Sunday, April 16, 2017

Wrestling characters and narrative arcs.

We can thank wrestling for the development of brands, storylines and loud mouth jerks.

The wrestling world was organized by independent companies throughout North America. Each company understood an unwritten contract that no one would infringe on another's territory.

Enter Vince McMahon. He inherited his dad's wrestling company and introduced a new kind of wrestling company. He didn't accept old agreements. He wanted to make his company gigantic and through purchases, acquisitions and bullying tactics, he became the number one wrestling company in the world.

The history books will say it started with Wrestlemania. I think it started with something else. Vince knew that every wrestler was a character. He saw characters enter and exit the different wrestling circuits. He witnessed regionalization and disintegration of character arcs because of the lack of exposure for the character

Wrestle mania was his Superbowl.
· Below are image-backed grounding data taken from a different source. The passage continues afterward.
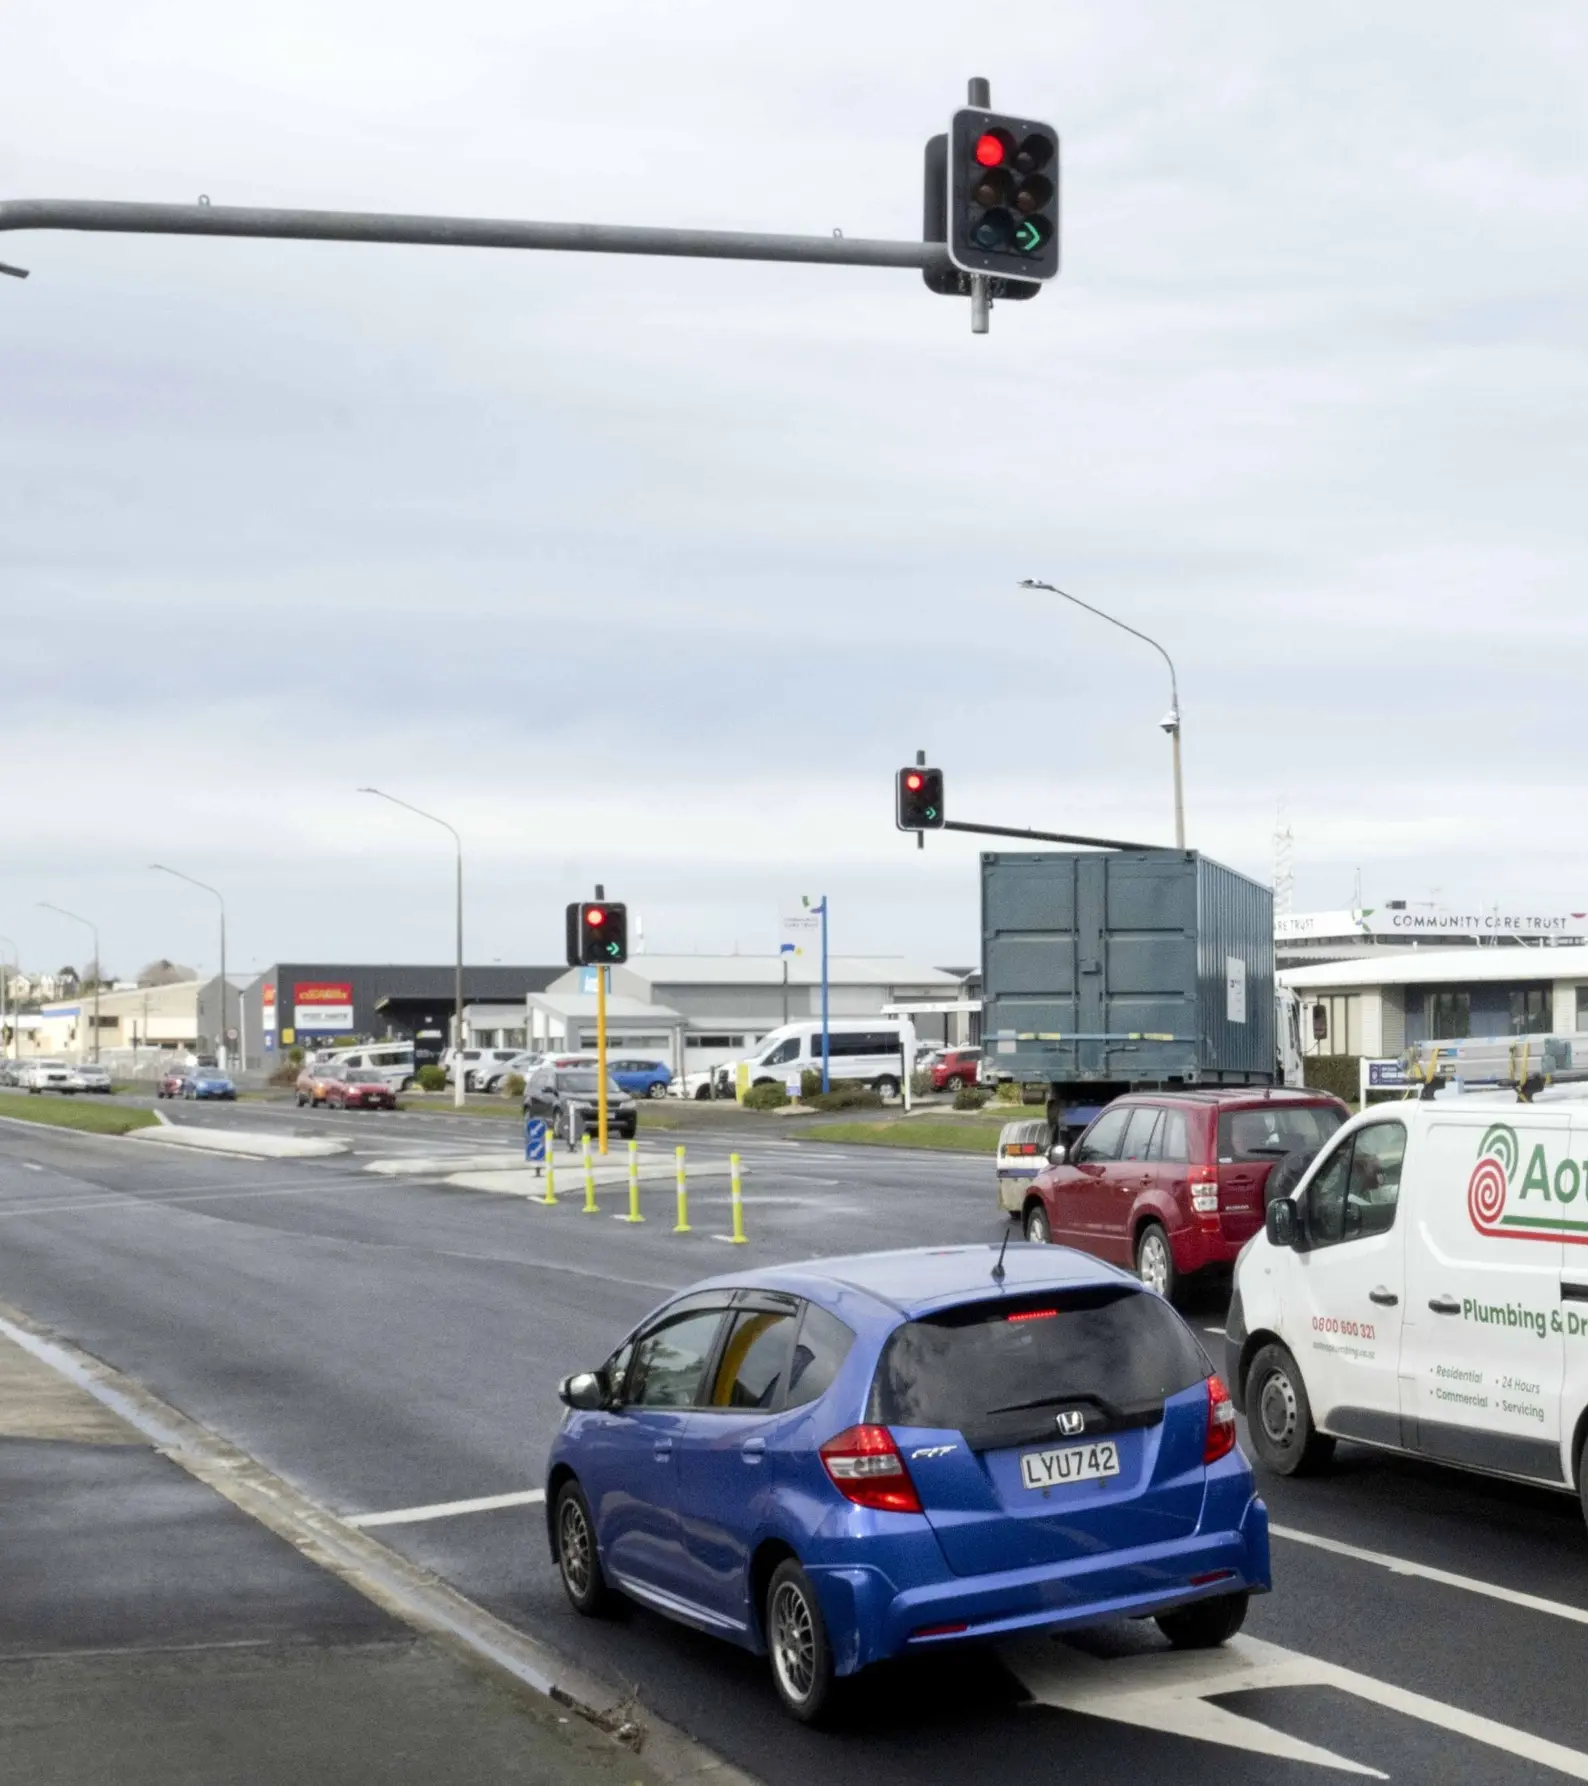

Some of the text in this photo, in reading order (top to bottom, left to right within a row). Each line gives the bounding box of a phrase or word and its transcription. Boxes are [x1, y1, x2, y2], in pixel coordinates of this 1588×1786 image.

[1274, 918, 1314, 932] RE TRUST
[1393, 915, 1567, 930] COMMUNITY CARE TRUST
[1312, 1316, 1376, 1340] 0800 600 321
[1463, 1299, 1546, 1339] Plumbing
[1550, 1309, 1564, 1333] &
[1436, 1364, 1483, 1384] Residential
[1501, 1375, 1541, 1395] 24 Hours
[1436, 1387, 1489, 1408] Commercial
[1501, 1399, 1545, 1423] Servicing
[1026, 1446, 1116, 1484] LYU742
Story development was the magic. Vince developed character arcs and narrative arcs to a national audience for the first time in wrestling history.
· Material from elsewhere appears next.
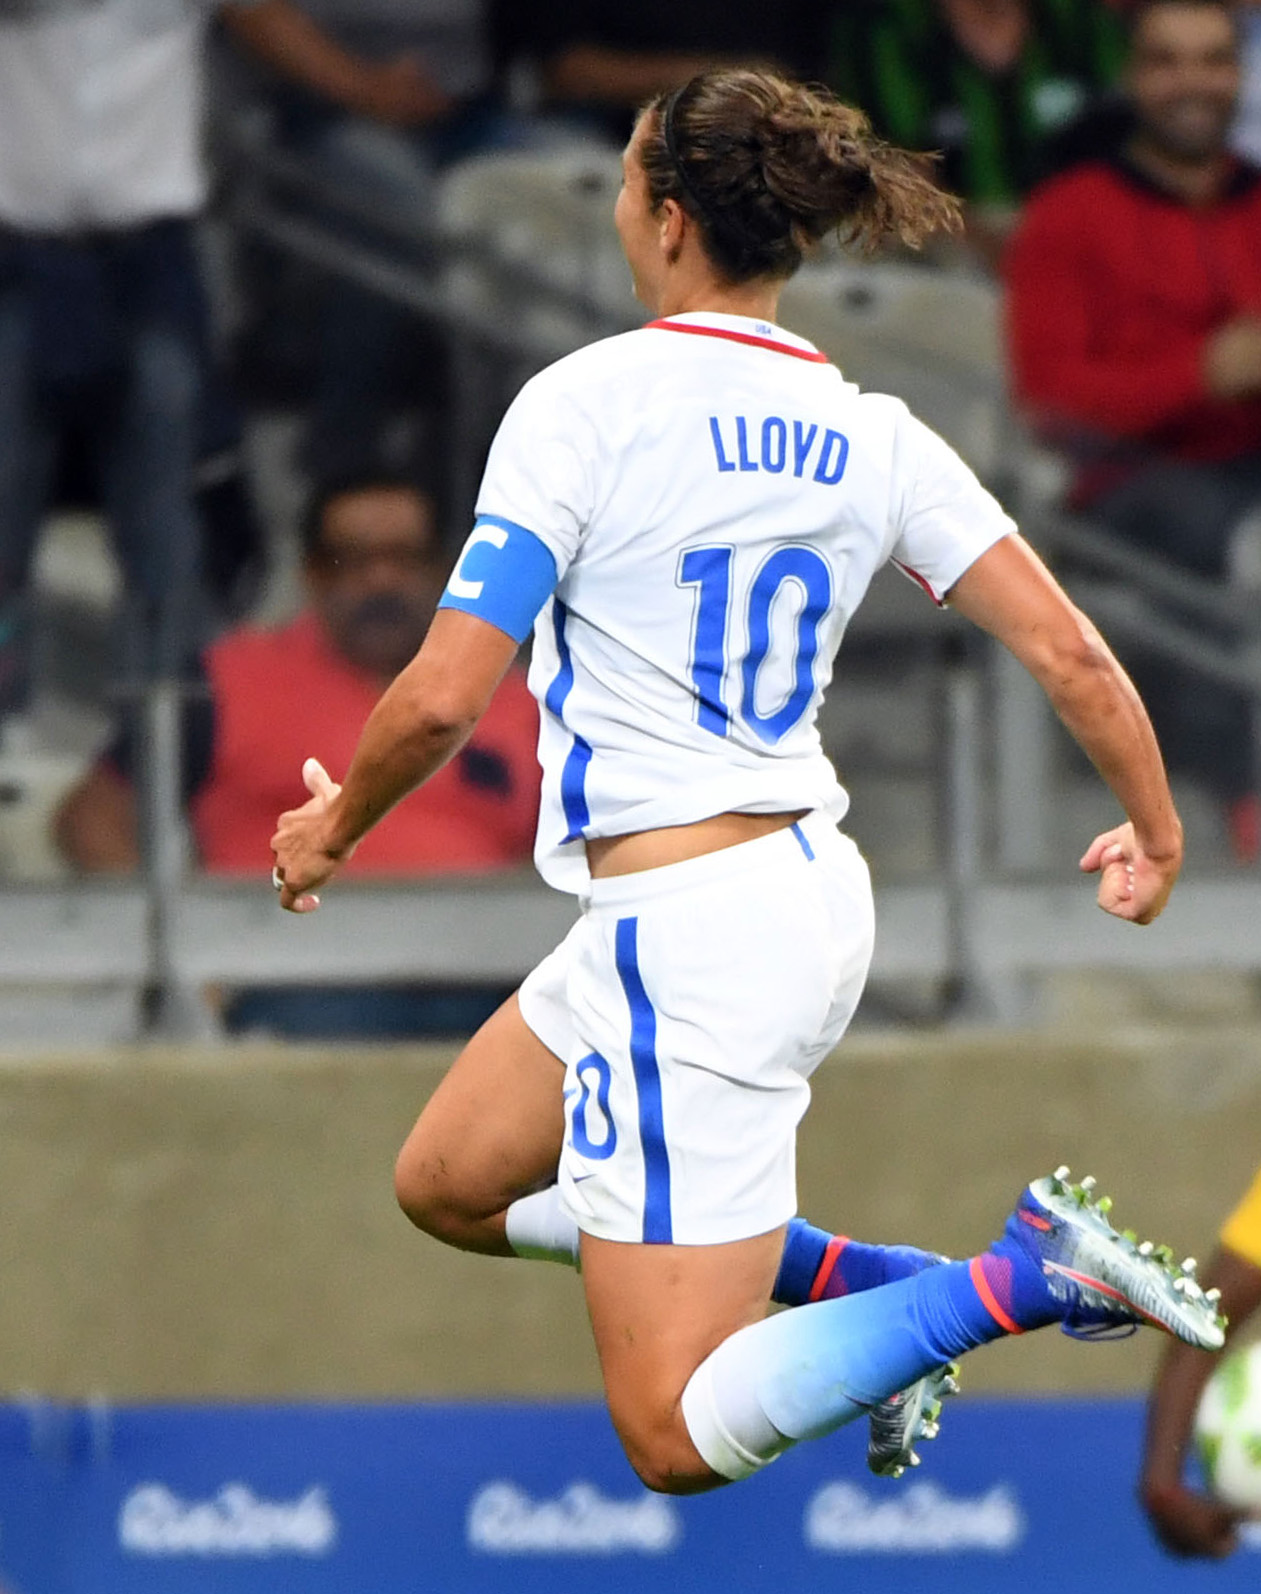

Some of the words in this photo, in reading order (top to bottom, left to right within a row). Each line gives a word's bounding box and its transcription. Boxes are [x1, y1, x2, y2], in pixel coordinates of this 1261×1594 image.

We saw Ravishing Rick Rude, Brutus "The Barber" Beefcake, Randy "Macho Man" Savage, The Million Dollar Man, Jake "The Snake" Roberts, Ultimate Warrior, Honky Tonk Man, Hulk Hogan and many more. The announcers even had handles. There was Mean Gene Okerlund, The King Jerry Lawlor, Gorilla Monsoon.

Every wrestler had a handle.

In the early years, the stars wouldn't wrestle other stars on cable television. We watched Ravishing Rick Rude demolish Paul Carter. Macho Man would pulverize Jim Rains. It was never entertaining. It was never in doubt who would win. But we got to see our favourite characters perform their finishing moves on some poor sap trying out for the big leagues. We didn't watch it for the wrestling. It was the story.

The rivalry and intensity that would build from one pay per view to the next kept us coming back for more.

Vince was masterful in developing his stories and characters. We saw Hulk Hogan shock the world when he turned on Macho Man. We watched Shawn Michaels turn heal when he stopped shaving his chest. He showed up at Wrestlemania and turned on his buddy Marty Ginetti in a tag team match.

Shawn Michaels transformed from the likeable, clean shaven good boy to a foul mouthed, unshaven, boytoy in Heart Break Kid. Heart Break Kid became the nineties version of Gorgeous George.

All wrestlers, boxers and even UFC fighters need to thank the pioneer, Gorgeous George, for developing his character arc better than anyone before him.

Gorgeous was a flamboyant, over the top, braggart who sassed the crowd, never shut his mouth and his main talent was his beautiful blonde locks. The crowd loved to hate him. He would enter the ring with perfectly coiffed hair, long shiny robes with an air of indignation that would make the Queen sweat.

Rick Flair copied him.
As does Connor McGregor in the UFC
And so did the most greatest boxer of all time.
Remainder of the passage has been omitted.